| Information |

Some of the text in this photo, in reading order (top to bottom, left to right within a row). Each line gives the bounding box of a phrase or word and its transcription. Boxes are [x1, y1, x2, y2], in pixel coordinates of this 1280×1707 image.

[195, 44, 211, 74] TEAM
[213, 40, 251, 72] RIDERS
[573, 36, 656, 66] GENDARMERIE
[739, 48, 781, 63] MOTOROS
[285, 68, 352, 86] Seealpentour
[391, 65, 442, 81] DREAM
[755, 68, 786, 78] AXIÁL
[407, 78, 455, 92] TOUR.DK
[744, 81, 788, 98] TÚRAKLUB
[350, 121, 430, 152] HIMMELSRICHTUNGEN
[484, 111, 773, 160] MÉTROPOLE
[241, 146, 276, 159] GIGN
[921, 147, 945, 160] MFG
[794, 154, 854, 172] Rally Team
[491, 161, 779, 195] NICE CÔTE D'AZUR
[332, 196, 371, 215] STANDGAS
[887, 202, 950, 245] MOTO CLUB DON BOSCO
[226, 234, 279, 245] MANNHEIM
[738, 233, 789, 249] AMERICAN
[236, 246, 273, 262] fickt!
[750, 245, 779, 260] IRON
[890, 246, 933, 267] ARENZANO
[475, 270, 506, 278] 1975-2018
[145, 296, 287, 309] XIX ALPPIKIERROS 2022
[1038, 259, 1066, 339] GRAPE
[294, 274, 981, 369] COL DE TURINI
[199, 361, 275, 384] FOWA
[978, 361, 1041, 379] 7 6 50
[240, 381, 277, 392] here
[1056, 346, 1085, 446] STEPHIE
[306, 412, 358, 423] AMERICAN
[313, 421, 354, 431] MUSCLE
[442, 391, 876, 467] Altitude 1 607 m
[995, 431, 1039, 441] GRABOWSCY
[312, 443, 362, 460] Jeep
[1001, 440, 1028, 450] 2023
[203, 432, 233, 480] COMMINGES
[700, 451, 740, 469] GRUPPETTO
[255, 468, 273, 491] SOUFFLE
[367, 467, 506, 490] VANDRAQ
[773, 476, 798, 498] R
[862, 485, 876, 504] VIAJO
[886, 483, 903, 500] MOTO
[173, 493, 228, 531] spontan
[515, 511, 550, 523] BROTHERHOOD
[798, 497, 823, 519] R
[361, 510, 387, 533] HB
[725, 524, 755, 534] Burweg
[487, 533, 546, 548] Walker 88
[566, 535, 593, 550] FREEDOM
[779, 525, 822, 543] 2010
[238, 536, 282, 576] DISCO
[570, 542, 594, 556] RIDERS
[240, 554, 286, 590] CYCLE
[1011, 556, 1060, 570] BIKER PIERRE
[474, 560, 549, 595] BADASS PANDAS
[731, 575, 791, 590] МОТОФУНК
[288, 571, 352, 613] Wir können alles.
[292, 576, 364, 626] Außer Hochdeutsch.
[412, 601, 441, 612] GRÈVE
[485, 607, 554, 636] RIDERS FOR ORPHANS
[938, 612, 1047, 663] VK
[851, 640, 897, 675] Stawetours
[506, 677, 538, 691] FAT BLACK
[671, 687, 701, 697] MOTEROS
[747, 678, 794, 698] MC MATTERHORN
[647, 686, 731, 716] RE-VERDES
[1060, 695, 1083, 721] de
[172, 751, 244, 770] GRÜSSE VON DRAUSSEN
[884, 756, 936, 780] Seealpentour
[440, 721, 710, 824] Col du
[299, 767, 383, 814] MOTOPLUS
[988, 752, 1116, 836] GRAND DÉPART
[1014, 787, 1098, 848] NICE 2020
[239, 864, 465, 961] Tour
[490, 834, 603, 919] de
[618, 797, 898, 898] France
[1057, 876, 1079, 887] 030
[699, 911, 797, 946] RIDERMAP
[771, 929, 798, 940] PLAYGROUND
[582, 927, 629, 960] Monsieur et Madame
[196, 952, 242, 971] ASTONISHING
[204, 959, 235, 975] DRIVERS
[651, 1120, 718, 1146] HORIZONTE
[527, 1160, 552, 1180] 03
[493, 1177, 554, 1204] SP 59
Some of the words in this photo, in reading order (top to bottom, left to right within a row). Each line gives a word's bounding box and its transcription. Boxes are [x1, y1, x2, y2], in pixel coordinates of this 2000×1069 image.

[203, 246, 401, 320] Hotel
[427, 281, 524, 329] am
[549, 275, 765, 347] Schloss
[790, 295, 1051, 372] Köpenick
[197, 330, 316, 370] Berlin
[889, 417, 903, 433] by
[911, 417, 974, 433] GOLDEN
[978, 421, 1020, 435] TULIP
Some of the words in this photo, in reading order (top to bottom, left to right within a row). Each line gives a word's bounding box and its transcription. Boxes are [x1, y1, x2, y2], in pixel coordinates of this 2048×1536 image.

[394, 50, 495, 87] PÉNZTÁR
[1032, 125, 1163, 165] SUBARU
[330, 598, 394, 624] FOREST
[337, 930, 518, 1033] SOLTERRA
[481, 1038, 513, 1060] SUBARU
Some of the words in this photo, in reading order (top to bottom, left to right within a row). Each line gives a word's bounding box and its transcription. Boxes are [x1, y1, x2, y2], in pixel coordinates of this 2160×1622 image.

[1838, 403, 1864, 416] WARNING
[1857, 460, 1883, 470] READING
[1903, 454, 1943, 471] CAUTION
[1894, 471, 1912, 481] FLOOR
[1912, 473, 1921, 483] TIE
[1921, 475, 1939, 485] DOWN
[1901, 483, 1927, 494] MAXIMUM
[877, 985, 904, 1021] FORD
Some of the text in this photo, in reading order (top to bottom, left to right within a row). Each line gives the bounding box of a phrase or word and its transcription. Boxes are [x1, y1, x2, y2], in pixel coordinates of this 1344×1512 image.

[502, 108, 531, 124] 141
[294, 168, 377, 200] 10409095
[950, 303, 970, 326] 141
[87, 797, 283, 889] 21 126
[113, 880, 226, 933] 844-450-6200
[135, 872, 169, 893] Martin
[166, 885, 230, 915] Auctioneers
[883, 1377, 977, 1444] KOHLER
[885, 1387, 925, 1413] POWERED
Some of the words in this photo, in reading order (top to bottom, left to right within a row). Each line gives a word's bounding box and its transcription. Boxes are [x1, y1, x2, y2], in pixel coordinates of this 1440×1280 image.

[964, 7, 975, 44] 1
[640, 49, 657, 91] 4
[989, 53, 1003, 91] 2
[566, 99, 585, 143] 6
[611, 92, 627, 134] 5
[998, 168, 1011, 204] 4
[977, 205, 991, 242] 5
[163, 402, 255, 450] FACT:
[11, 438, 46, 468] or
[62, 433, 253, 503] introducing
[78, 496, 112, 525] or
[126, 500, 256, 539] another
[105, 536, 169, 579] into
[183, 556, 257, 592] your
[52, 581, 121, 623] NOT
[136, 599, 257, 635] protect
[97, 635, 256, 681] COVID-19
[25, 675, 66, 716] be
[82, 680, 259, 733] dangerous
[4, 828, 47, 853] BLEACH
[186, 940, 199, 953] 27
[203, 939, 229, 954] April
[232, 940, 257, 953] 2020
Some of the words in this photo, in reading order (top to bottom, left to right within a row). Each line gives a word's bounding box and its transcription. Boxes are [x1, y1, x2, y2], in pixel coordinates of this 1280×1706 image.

| Description of the task |
A precise copy of all the records is needed.

| Result |
Some of the text in this photo, in reading order (top to bottom, left to right within a row). Each line gives the bounding box of a phrase or word and its transcription. Boxes are [x1, y1, x2, y2], in pixel coordinates of this 1280×1707 image.

[195, 44, 211, 74] TEAM
[213, 40, 251, 72] RIDERS
[573, 36, 656, 66] GENDARMERIE
[739, 48, 781, 63] MOTOROS
[285, 68, 352, 86] Seealpentour
[391, 65, 442, 81] DREAM
[755, 68, 786, 78] AXIÁL
[407, 78, 455, 92] TOUR.DK
[744, 81, 788, 98] TÚRAKLUB
[350, 121, 430, 152] HIMMELSRICHTUNGEN
[484, 111, 773, 160] MÉTROPOLE
[241, 146, 276, 159] GIGN
[921, 147, 945, 160] MFG
[794, 154, 854, 172] Rally Team
[491, 161, 779, 195] NICE CÔTE D'AZUR
[332, 196, 371, 215] STANDGAS
[887, 202, 950, 245] MOTO CLUB DON BOSCO
[226, 234, 279, 245] MANNHEIM
[738, 233, 789, 249] AMERICAN
[236, 246, 273, 262] fickt!
[750, 245, 779, 260] IRON
[890, 246, 933, 267] ARENZANO
[475, 270, 506, 278] 1975-2018
[145, 296, 287, 309] XIX ALPPIKIERROS 2022
[1038, 259, 1066, 339] GRAPE
[294, 274, 981, 369] COL DE TURINI
[199, 361, 275, 384] FOWA
[978, 361, 1041, 379] 7 6 50
[240, 381, 277, 392] here
[1056, 346, 1085, 446] STEPHIE
[306, 412, 358, 423] AMERICAN
[313, 421, 354, 431] MUSCLE
[442, 391, 876, 467] Altitude 1 607 m
[995, 431, 1039, 441] GRABOWSCY
[312, 443, 362, 460] Jeep
[1001, 440, 1028, 450] 2023
[203, 432, 233, 480] COMMINGES
[700, 451, 740, 469] GRUPPETTO
[255, 468, 273, 491] SOUFFLE
[367, 467, 506, 490] VANDRAQ
[773, 476, 798, 498] R
[862, 485, 876, 504] VIAJO
[886, 483, 903, 500] MOTO
[173, 493, 228, 531] spontan
[515, 511, 550, 523] BROTHERHOOD
[798, 497, 823, 519] R
[361, 510, 387, 533] HB
[725, 524, 755, 534] Burweg
[487, 533, 546, 548] Walker 88
[566, 535, 593, 550] FREEDOM
[779, 525, 822, 543] 2010
[238, 536, 282, 576] DISCO
[570, 542, 594, 556] RIDERS
[240, 554, 286, 590] CYCLE
[1011, 556, 1060, 570] BIKER PIERRE
[474, 560, 549, 595] BADASS PANDAS
[731, 575, 791, 590] МОТОФУНК
[288, 571, 352, 613] Wir können alles.
[292, 576, 364, 626] Außer Hochdeutsch.
[412, 601, 441, 612] GRÈVE
[485, 607, 554, 636] RIDERS FOR ORPHANS
[938, 612, 1047, 663] VK
[851, 640, 897, 675] Stawetours
[506, 677, 538, 691] FAT BLACK
[671, 687, 701, 697] MOTEROS
[747, 678, 794, 698] MC MATTERHORN
[647, 686, 731, 716] RE-VERDES
[1060, 695, 1083, 721] de
[172, 751, 244, 770] GRÜSSE VON DRAUSSEN
[884, 756, 936, 780] Seealpentour
[440, 721, 710, 824] Col du
[299, 767, 383, 814] MOTOPLUS
[988, 752, 1116, 836] GRAND DÉPART
[1014, 787, 1098, 848] NICE 2020
[239, 864, 465, 961] Tour
[490, 834, 603, 919] de
[618, 797, 898, 898] France
[1057, 876, 1079, 887] 030
[699, 911, 797, 946] RIDERMAP
[771, 929, 798, 940] PLAYGROUND
[582, 927, 629, 960] Monsieur et Madame
[196, 952, 242, 971] ASTONISHING
[204, 959, 235, 975] DRIVERS
[651, 1120, 718, 1146] HORIZONTE
[527, 1160, 552, 1180] 03
[493, 1177, 554, 1204] SP 59
Some of the words in this photo, in reading order (top to bottom, left to right within a row). Each line gives a word's bounding box and its transcription. Boxes are [x1, y1, x2, y2], in pixel coordinates of this 2000×1069 image.

[203, 246, 401, 320] Hotel
[427, 281, 524, 329] am
[549, 275, 765, 347] Schloss
[790, 295, 1051, 372] Köpenick
[197, 330, 316, 370] Berlin
[889, 417, 903, 433] by
[911, 417, 974, 433] GOLDEN
[978, 421, 1020, 435] TULIP
Some of the words in this photo, in reading order (top to bottom, left to right within a row). Each line gives a word's bounding box and its transcription. Boxes are [x1, y1, x2, y2], in pixel coordinates of this 2048×1536 image.

[394, 50, 495, 87] PÉNZTÁR
[1032, 125, 1163, 165] SUBARU
[330, 598, 394, 624] FOREST
[337, 930, 518, 1033] SOLTERRA
[481, 1038, 513, 1060] SUBARU
Some of the words in this photo, in reading order (top to bottom, left to right within a row). Each line gives a word's bounding box and its transcription. Boxes are [x1, y1, x2, y2], in pixel coordinates of this 2160×1622 image.

[1838, 403, 1864, 416] WARNING
[1857, 460, 1883, 470] READING
[1903, 454, 1943, 471] CAUTION
[1894, 471, 1912, 481] FLOOR
[1912, 473, 1921, 483] TIE
[1921, 475, 1939, 485] DOWN
[1901, 483, 1927, 494] MAXIMUM
[877, 985, 904, 1021] FORD
Some of the text in this photo, in reading order (top to bottom, left to right within a row). Each line gives the bounding box of a phrase or word and its transcription. Boxes are [x1, y1, x2, y2], in pixel coordinates of this 1344×1512 image.

[502, 108, 531, 124] 141
[294, 168, 377, 200] 10409095
[950, 303, 970, 326] 141
[87, 797, 283, 889] 21 126
[113, 880, 226, 933] 844-450-6200
[135, 872, 169, 893] Martin
[166, 885, 230, 915] Auctioneers
[883, 1377, 977, 1444] KOHLER
[885, 1387, 925, 1413] POWERED
Some of the words in this photo, in reading order (top to bottom, left to right within a row). Each line gives a word's bounding box and its transcription. Boxes are [x1, y1, x2, y2], in pixel coordinates of this 1440×1280 image.

[964, 7, 975, 44] 1
[640, 49, 657, 91] 4
[989, 53, 1003, 91] 2
[566, 99, 585, 143] 6
[611, 92, 627, 134] 5
[998, 168, 1011, 204] 4
[977, 205, 991, 242] 5
[163, 402, 255, 450] FACT:
[11, 438, 46, 468] or
[62, 433, 253, 503] introducing
[78, 496, 112, 525] or
[126, 500, 256, 539] another
[105, 536, 169, 579] into
[183, 556, 257, 592] your
[52, 581, 121, 623] NOT
[136, 599, 257, 635] protect
[97, 635, 256, 681] COVID-19
[25, 675, 66, 716] be
[82, 680, 259, 733] dangerous
[4, 828, 47, 853] BLEACH
[186, 940, 199, 953] 27
[203, 939, 229, 954] April
[232, 940, 257, 953] 2020
Some of the words in this photo, in reading order (top to bottom, left to right within a row). Each line gives a word's bounding box and its transcription. Boxes are [x1, y1, x2, y2], in pixel coordinates of this 1280×1706 image.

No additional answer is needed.